-- Opening Marker --

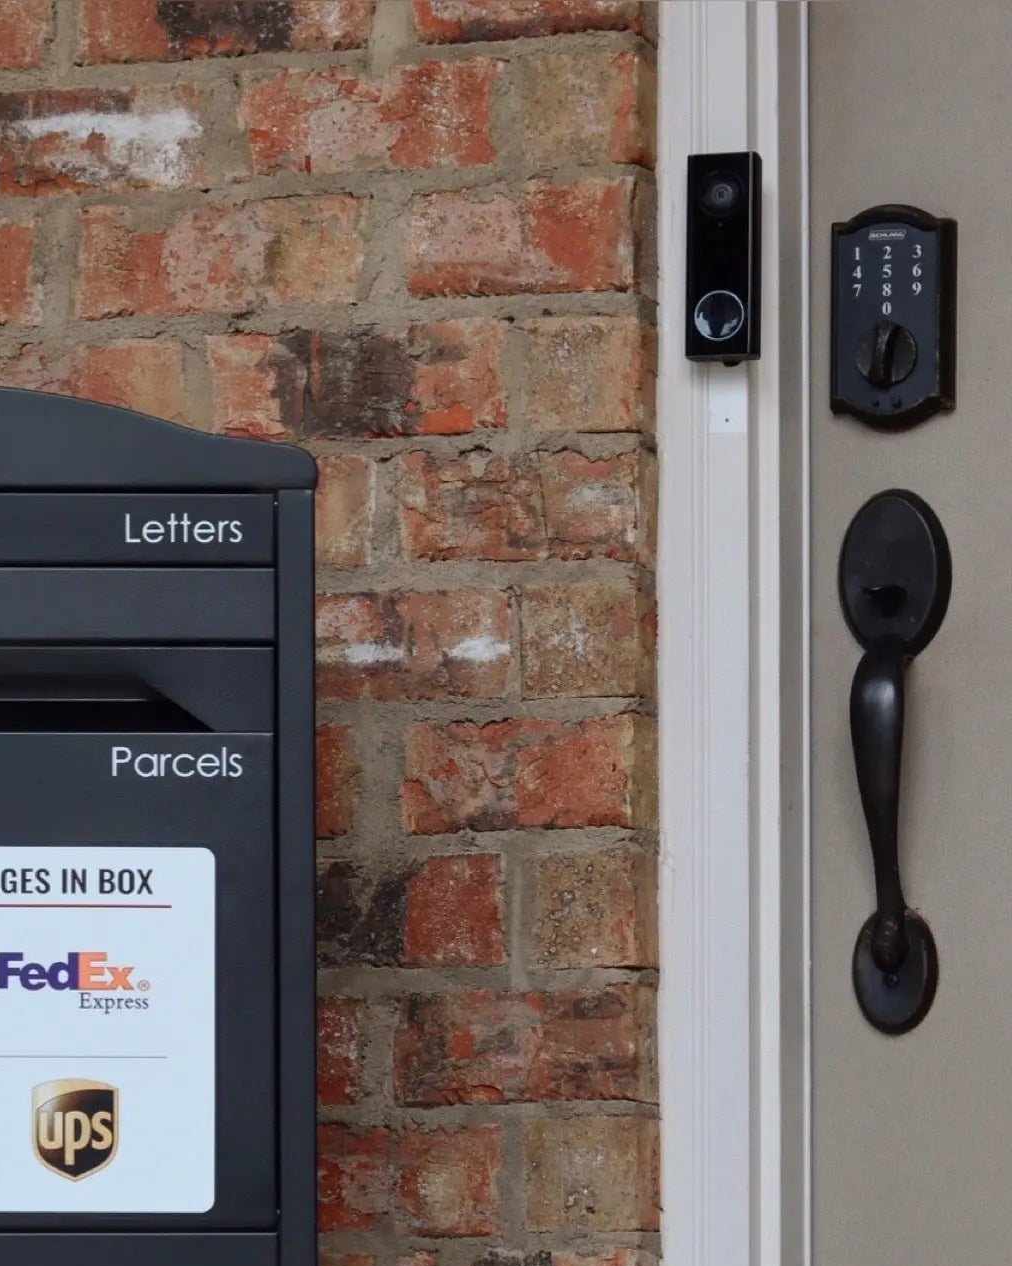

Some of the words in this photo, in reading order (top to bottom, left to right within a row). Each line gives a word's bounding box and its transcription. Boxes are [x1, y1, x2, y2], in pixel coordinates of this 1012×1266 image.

[855, 247, 860, 260] 1
[882, 246, 892, 259] 2
[912, 244, 922, 259] 3
[852, 265, 862, 279] 4
[882, 264, 892, 278] 5
[912, 262, 922, 277] 6
[852, 284, 862, 297] 7
[882, 283, 892, 296] 8
[912, 282, 922, 296] 9
[882, 302, 892, 315] 0
[124, 513, 243, 543] Letters
[111, 747, 243, 778] Parcels
[61, 868, 88, 895] IN
[98, 869, 154, 895] BOX
[78, 992, 149, 1014] Express
[38, 1111, 113, 1166] ups

-- Closing Marker --

Using the data above, print every line exactly, omitting pictures.

Some of the words in this photo, in reading order (top to bottom, left to right within a row). Each line gives a word's bounding box and its transcription. Boxes are [x1, y1, x2, y2], in pixel coordinates of this 1012×1266 image.

[855, 247, 860, 260] 1
[882, 246, 892, 259] 2
[912, 244, 922, 259] 3
[852, 265, 862, 279] 4
[882, 264, 892, 278] 5
[912, 262, 922, 277] 6
[852, 284, 862, 297] 7
[882, 283, 892, 296] 8
[912, 282, 922, 296] 9
[882, 302, 892, 315] 0
[124, 513, 243, 543] Letters
[111, 747, 243, 778] Parcels
[61, 868, 88, 895] IN
[98, 869, 154, 895] BOX
[78, 992, 149, 1014] Express
[38, 1111, 113, 1166] ups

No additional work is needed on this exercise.